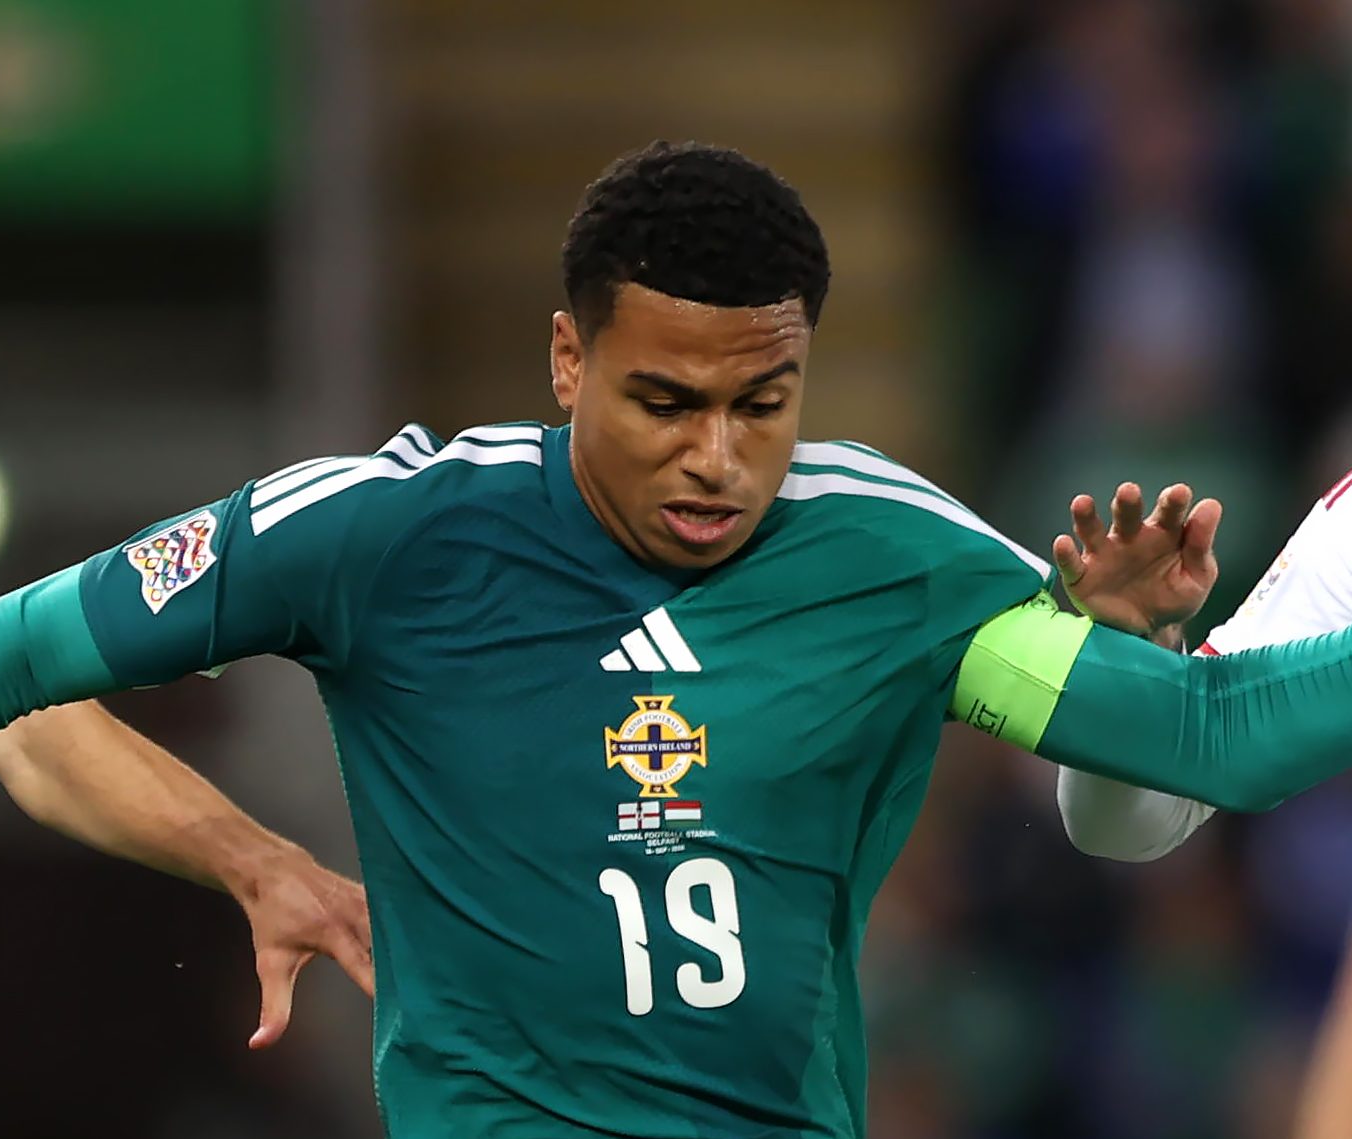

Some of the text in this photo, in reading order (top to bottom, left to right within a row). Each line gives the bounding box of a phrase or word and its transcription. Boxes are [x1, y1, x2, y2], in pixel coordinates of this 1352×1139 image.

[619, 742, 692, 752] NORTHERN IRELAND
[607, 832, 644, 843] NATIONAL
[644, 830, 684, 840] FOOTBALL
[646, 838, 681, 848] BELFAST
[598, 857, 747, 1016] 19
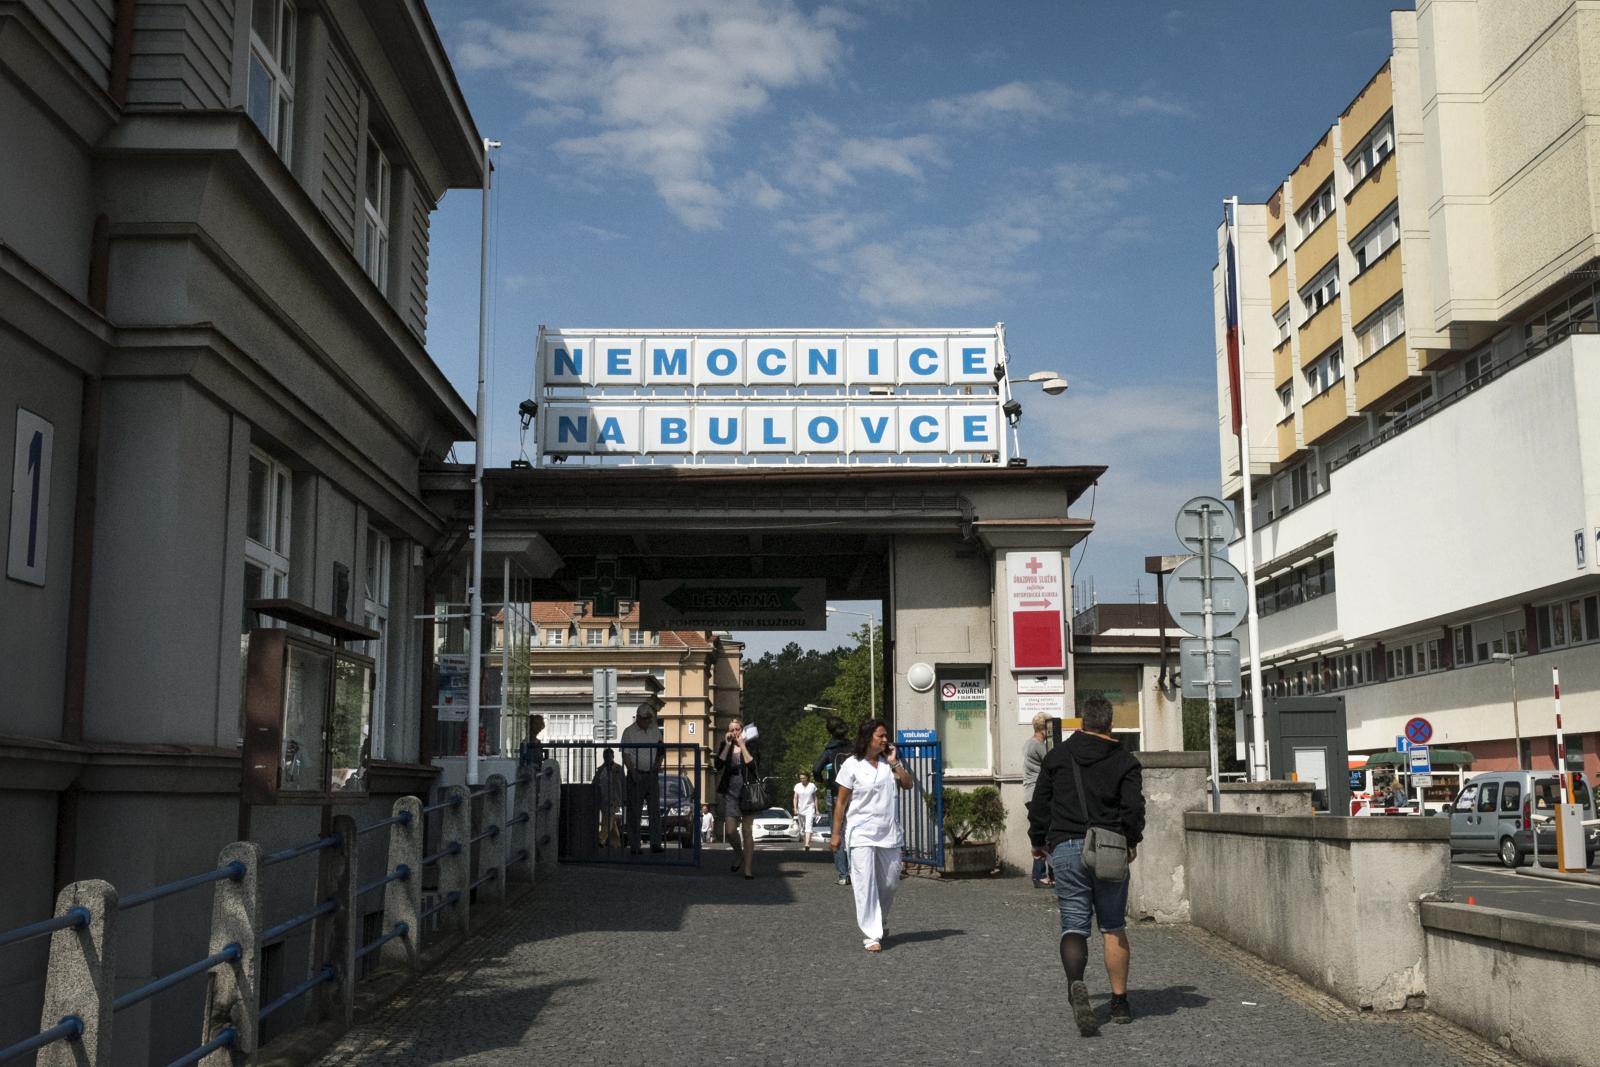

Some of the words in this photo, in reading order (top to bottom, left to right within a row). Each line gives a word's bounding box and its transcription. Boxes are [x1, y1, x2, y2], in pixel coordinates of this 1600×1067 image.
+++++
Required action: Leave out the pictures and set down all of the data exactly.

Expected answer:
Some of the text in this photo, in reading order (top to bottom, left to right within a row). Each line gives the bounding box of a phrase or word and its transcription. Boxes are [x1, y1, x2, y2], in pixel coordinates of this 1352×1139 image.

[619, 742, 692, 752] NORTHERN IRELAND
[607, 832, 644, 843] NATIONAL
[644, 830, 684, 840] FOOTBALL
[646, 838, 681, 848] BELFAST
[598, 857, 747, 1016] 19

Some of the words in this photo, in reading order (top to bottom, left to right within a row). Each line gives a word's bounding box and its transcription. Boxes are [x1, y1, x2, y2], in pixel coordinates of this 1600×1067 image.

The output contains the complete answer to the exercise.